Spending money and paying bills is less painful. Why? We charge as much as we can on our JetBlue MasterCard® so we can accrue frequent flier miles and take free rides to California.
Leave the guilt card at home.
Reminding adult children and grandkids that I don’t see enough of them or I wish they would stay in touch more will just make everyone sad.
Plan alone time with each grandchild.
My father did that with me. We took trips while my mother was in school or writing her English thesis for her Master’s degree. Besides family trips, my husband has always taken each of our children somewhere special—just the two of them. That has been to England and Germany with my son, Switzerland with one daughter and space camp in Alabama with the other.
I have had one-on-one getaways with the girls. Trust me, they remember it and so will my grandchildren.
We don’t have to take the grandkids on a swishy trip away (although that would be fun). Just carving out time for my husband to cook with each or me to take a run with them one at a time or read to them privately. (Pat the Bunny has been highly bonding for my older grandson and me!)
Strategies for Staying Close
There are effective and easy ways to keep in touch with your grandkids. Here are three ideas:
1. Try technology.
Besides FaceTime and Skype®, send photos back and forth on a smart phone or play games or share activities online. One suggestion: the website Scoot & Doodle is a real-time collaboration app that uses Google Hangout™. You and your grandkids can draw or work together via voice and video.
2. Write a letter and mail it.
How many handwritten letters do you get? It’s exciting! Or send interesting postcards.
3. Spend time with your grandchildren in meaningful ways.

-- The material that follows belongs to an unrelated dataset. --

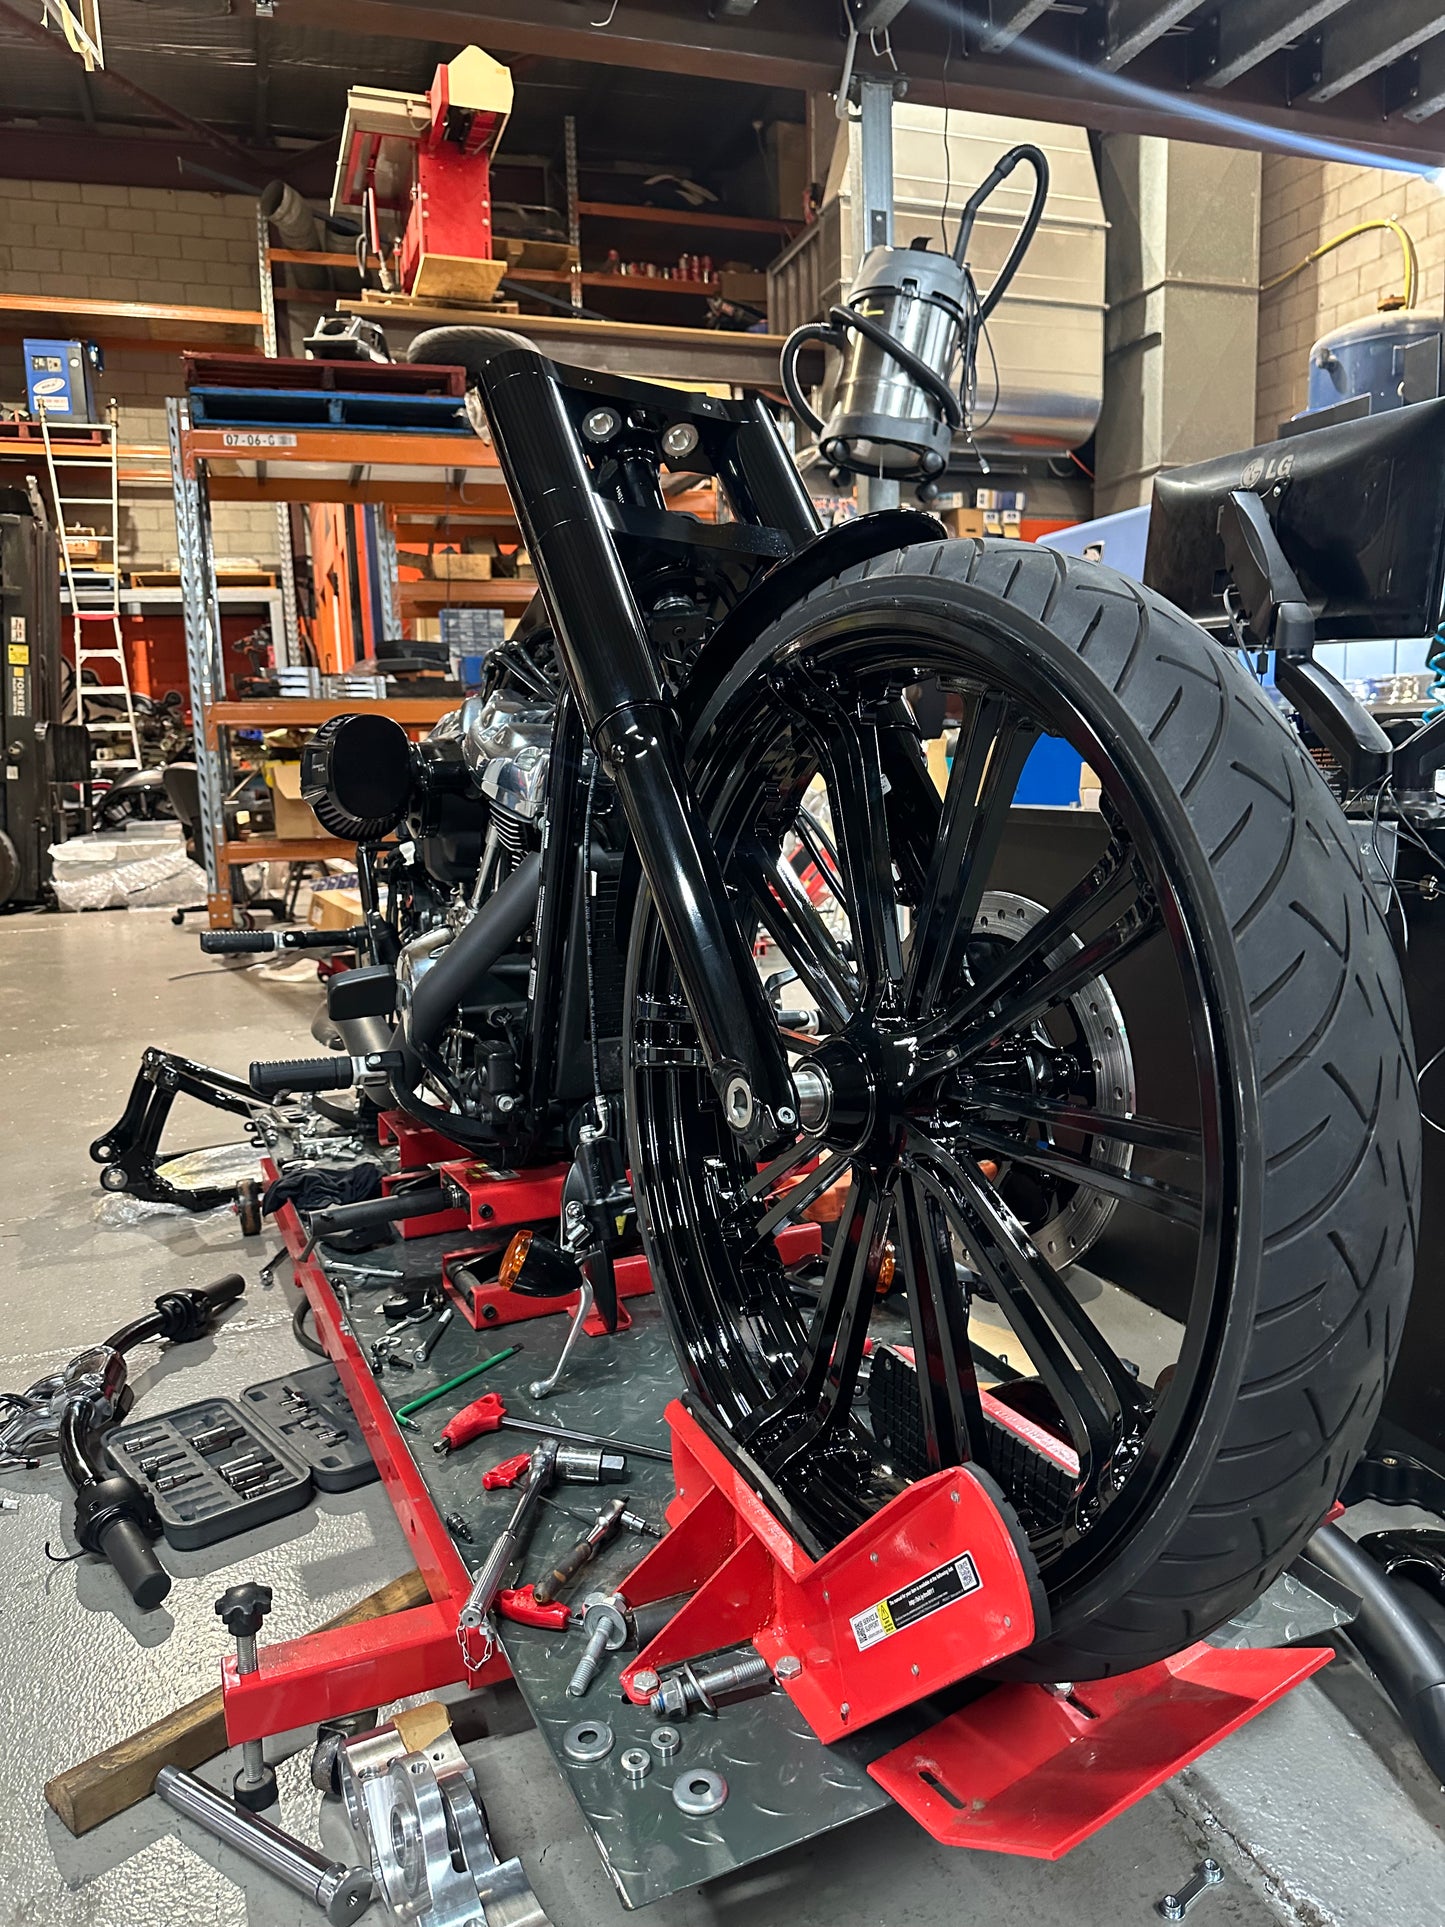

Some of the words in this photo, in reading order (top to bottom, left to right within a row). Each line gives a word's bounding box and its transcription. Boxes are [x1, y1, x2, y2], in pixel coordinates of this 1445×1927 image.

[1265, 454, 1294, 480] LG
[862, 1613, 875, 1625] SERVICE
[864, 1619, 879, 1632] SUPPORT

Sure, buy them stuff, but also introduce them to things you love: your favorite childhood movies or books, cards, whether it’s Go Fish or bridge, or hiking, for instance. Show delight in their interests: board or video (ugh) games, gymnastics or, perish the thought, bugs or worms. Have them teach you some karate or dance moves.
Some Resources
Books
There are a myriad of ways to hone your long-distance skills. Search online for “long-distance grandparenting books” and you’ve got a veritable library.
A few to check out:
- The Long-Distance Grandparent Survival Guide by Barbara Graham
- Grandparenting at Long Distance by Selma Wassermann
- Long-Distance Grandparenting by Willma Willis Gore
Whether it’s in the same house, around the corner or thousands of miles away, being a grandparent is amazing. Over and over, I tell myself, “it’s not the distance, it’s the relationship.” It’s up to me to prove that right?